------ Listed entries

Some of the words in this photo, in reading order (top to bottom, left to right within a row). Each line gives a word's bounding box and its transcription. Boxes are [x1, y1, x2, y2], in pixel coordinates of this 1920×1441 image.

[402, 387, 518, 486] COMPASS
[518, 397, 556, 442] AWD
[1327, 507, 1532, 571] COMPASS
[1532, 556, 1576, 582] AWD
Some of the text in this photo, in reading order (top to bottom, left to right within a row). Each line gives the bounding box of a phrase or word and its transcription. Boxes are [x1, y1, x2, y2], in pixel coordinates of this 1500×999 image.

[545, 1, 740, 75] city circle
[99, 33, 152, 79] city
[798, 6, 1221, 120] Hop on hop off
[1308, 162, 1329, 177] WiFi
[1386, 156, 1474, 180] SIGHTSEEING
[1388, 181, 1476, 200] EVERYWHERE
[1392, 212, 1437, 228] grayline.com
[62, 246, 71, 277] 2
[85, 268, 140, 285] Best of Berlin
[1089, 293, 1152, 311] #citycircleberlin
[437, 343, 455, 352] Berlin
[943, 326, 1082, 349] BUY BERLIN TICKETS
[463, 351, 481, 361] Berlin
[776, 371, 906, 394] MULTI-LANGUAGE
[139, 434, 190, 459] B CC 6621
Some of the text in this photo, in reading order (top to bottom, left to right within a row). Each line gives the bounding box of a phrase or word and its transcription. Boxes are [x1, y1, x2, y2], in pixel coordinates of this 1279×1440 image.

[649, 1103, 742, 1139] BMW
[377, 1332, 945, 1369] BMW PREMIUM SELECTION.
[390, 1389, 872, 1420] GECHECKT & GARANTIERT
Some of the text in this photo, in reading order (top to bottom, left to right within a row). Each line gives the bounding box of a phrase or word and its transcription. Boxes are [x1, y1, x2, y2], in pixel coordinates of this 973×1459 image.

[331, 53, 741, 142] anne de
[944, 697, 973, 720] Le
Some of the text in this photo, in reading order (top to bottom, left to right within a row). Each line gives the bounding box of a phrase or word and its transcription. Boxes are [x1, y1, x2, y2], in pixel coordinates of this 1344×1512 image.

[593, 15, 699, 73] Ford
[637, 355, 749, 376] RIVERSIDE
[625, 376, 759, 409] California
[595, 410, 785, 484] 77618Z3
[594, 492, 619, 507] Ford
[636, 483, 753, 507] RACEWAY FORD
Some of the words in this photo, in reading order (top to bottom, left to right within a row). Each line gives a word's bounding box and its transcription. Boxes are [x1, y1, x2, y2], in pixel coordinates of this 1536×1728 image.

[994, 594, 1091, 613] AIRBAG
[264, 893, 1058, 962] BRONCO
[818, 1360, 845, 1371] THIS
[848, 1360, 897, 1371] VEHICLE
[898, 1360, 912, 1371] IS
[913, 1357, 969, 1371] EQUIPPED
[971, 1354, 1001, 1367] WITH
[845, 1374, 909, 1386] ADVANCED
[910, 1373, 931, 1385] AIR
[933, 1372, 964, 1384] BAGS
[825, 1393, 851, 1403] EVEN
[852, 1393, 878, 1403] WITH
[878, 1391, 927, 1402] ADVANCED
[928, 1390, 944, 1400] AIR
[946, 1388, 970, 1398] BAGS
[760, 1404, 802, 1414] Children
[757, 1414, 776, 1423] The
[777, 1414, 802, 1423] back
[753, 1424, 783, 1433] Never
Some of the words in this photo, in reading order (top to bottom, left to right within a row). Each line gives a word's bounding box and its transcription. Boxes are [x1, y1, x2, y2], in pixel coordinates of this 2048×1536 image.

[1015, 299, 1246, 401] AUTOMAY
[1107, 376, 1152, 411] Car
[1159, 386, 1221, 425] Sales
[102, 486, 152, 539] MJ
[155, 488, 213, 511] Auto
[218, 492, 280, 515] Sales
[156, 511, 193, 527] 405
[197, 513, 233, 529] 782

------------

▶ _Exercise_:
Mind each word and retype the entire listing above.

▶ _Output for this task_:
Some of the words in this photo, in reading order (top to bottom, left to right within a row). Each line gives a word's bounding box and its transcription. Boxes are [x1, y1, x2, y2], in pixel coordinates of this 1920×1441 image.

[402, 387, 518, 486] COMPASS
[518, 397, 556, 442] AWD
[1327, 507, 1532, 571] COMPASS
[1532, 556, 1576, 582] AWD
Some of the text in this photo, in reading order (top to bottom, left to right within a row). Each line gives the bounding box of a phrase or word and its transcription. Boxes are [x1, y1, x2, y2], in pixel coordinates of this 1500×999 image.

[545, 1, 740, 75] city circle
[99, 33, 152, 79] city
[798, 6, 1221, 120] Hop on hop off
[1308, 162, 1329, 177] WiFi
[1386, 156, 1474, 180] SIGHTSEEING
[1388, 181, 1476, 200] EVERYWHERE
[1392, 212, 1437, 228] grayline.com
[62, 246, 71, 277] 2
[85, 268, 140, 285] Best of Berlin
[1089, 293, 1152, 311] #citycircleberlin
[437, 343, 455, 352] Berlin
[943, 326, 1082, 349] BUY BERLIN TICKETS
[463, 351, 481, 361] Berlin
[776, 371, 906, 394] MULTI-LANGUAGE
[139, 434, 190, 459] B CC 6621
Some of the text in this photo, in reading order (top to bottom, left to right within a row). Each line gives the bounding box of a phrase or word and its transcription. Boxes are [x1, y1, x2, y2], in pixel coordinates of this 1279×1440 image.

[649, 1103, 742, 1139] BMW
[377, 1332, 945, 1369] BMW PREMIUM SELECTION.
[390, 1389, 872, 1420] GECHECKT & GARANTIERT
Some of the text in this photo, in reading order (top to bottom, left to right within a row). Each line gives the bounding box of a phrase or word and its transcription. Boxes are [x1, y1, x2, y2], in pixel coordinates of this 973×1459 image.

[331, 53, 741, 142] anne de
[944, 697, 973, 720] Le
Some of the text in this photo, in reading order (top to bottom, left to right within a row). Each line gives the bounding box of a phrase or word and its transcription. Boxes are [x1, y1, x2, y2], in pixel coordinates of this 1344×1512 image.

[593, 15, 699, 73] Ford
[637, 355, 749, 376] RIVERSIDE
[625, 376, 759, 409] California
[595, 410, 785, 484] 77618Z3
[594, 492, 619, 507] Ford
[636, 483, 753, 507] RACEWAY FORD
Some of the words in this photo, in reading order (top to bottom, left to right within a row). Each line gives a word's bounding box and its transcription. Boxes are [x1, y1, x2, y2], in pixel coordinates of this 1536×1728 image.

[994, 594, 1091, 613] AIRBAG
[264, 893, 1058, 962] BRONCO
[818, 1360, 845, 1371] THIS
[848, 1360, 897, 1371] VEHICLE
[898, 1360, 912, 1371] IS
[913, 1357, 969, 1371] EQUIPPED
[971, 1354, 1001, 1367] WITH
[845, 1374, 909, 1386] ADVANCED
[910, 1373, 931, 1385] AIR
[933, 1372, 964, 1384] BAGS
[825, 1393, 851, 1403] EVEN
[852, 1393, 878, 1403] WITH
[878, 1391, 927, 1402] ADVANCED
[928, 1390, 944, 1400] AIR
[946, 1388, 970, 1398] BAGS
[760, 1404, 802, 1414] Children
[757, 1414, 776, 1423] The
[777, 1414, 802, 1423] back
[753, 1424, 783, 1433] Never
Some of the words in this photo, in reading order (top to bottom, left to right within a row). Each line gives a word's bounding box and its transcription. Boxes are [x1, y1, x2, y2], in pixel coordinates of this 2048×1536 image.

[1015, 299, 1246, 401] AUTOMAY
[1107, 376, 1152, 411] Car
[1159, 386, 1221, 425] Sales
[102, 486, 152, 539] MJ
[155, 488, 213, 511] Auto
[218, 492, 280, 515] Sales
[156, 511, 193, 527] 405
[197, 513, 233, 529] 782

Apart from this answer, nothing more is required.